Обрисованная в общих чертах интерпретация истории и структуры науки Нового времени пока еще не является общепринятой. Хотя, как мне представляется, она находится на пути к этому, все же до пункта прибытия дорога предстоит еще неблизкая. Действительно, наиболее распространенная ныне интерпретация достаточно отличается от представленной выше и носит зачастую позитивистский, прагматический характер.
Историки позитивистского направления, характеризуя творчество Галилея или Ньютона, делают упор на экспериментальных, эмпирических, феноменологических аспектах или сторонах их учения, на их стремлении не доискиваться причин, а лишь выявлять законы, на отказе от вопроса "почему" путем замены его вопросом "как?"
Такая интерпретация не лишена, разумеется, исторических оснований. Роль эксперимента или, точнее, экспериментирования в истории науки совершенно очевидна. Труды Гильберта, Галилея, Бойля и т. д. изобилуют восхвалениями экспериментальных методов, противопоставляемых бесплодию умозрительных спекуляций. Что же касается предпочтения, отдаваемого поискам законов, а не причин, то широко известен замечательный пассаж Галиеевых "Бесед", где говорится, что было бы бесплодным и бесполезным занятием обсуждать каузальные теории тяжести, предлагаемые его предшественниками и современниками, ввиду того что никто не знает, что такое тяжесть – ибо это только название, – и что гораздо лучше довольствоваться установлением математического закона падения.

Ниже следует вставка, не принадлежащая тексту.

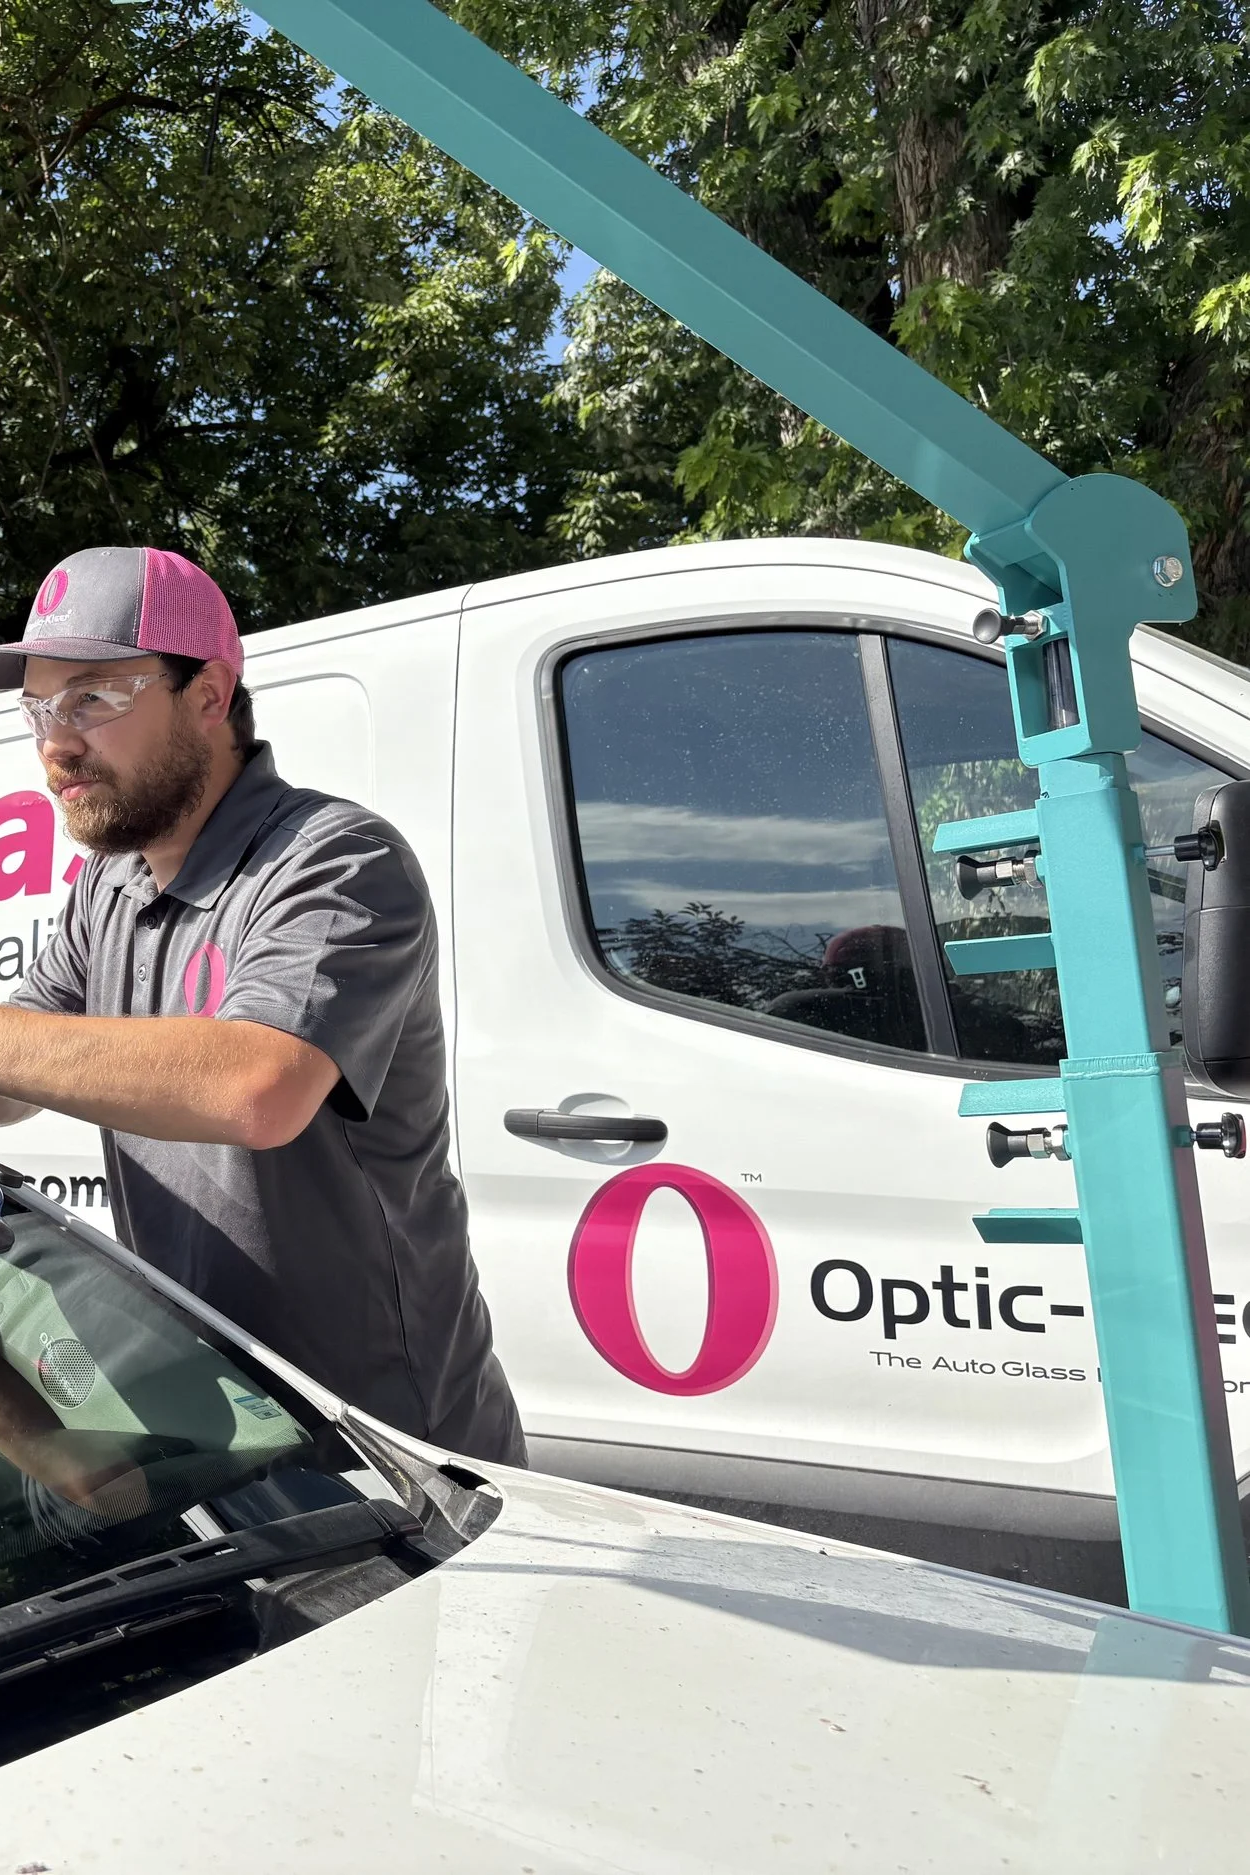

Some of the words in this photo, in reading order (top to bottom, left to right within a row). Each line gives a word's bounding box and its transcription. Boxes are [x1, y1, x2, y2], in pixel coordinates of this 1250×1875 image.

[869, 1351, 922, 1369] The
[932, 1356, 996, 1375] Auto
[1001, 1361, 1087, 1381] Glass

Всем также известен не менее замечательный пассаж из Ньютоновых "Начал", где по поводу все той же тяжести, превратившейся к тому времени во всемирное тяготение, автор говорит, что он "причину... свойств силы тяготения... до сих пор не мог вывести из явлений" и что он в этом плане "не измышляет" никаких гипотез. И продолжает: "Все же, что не выводится из явлений, должно называться гипотезою, гипотезам же метафизическим, механическим, скрытым свойствам не место в экспериментальной философии".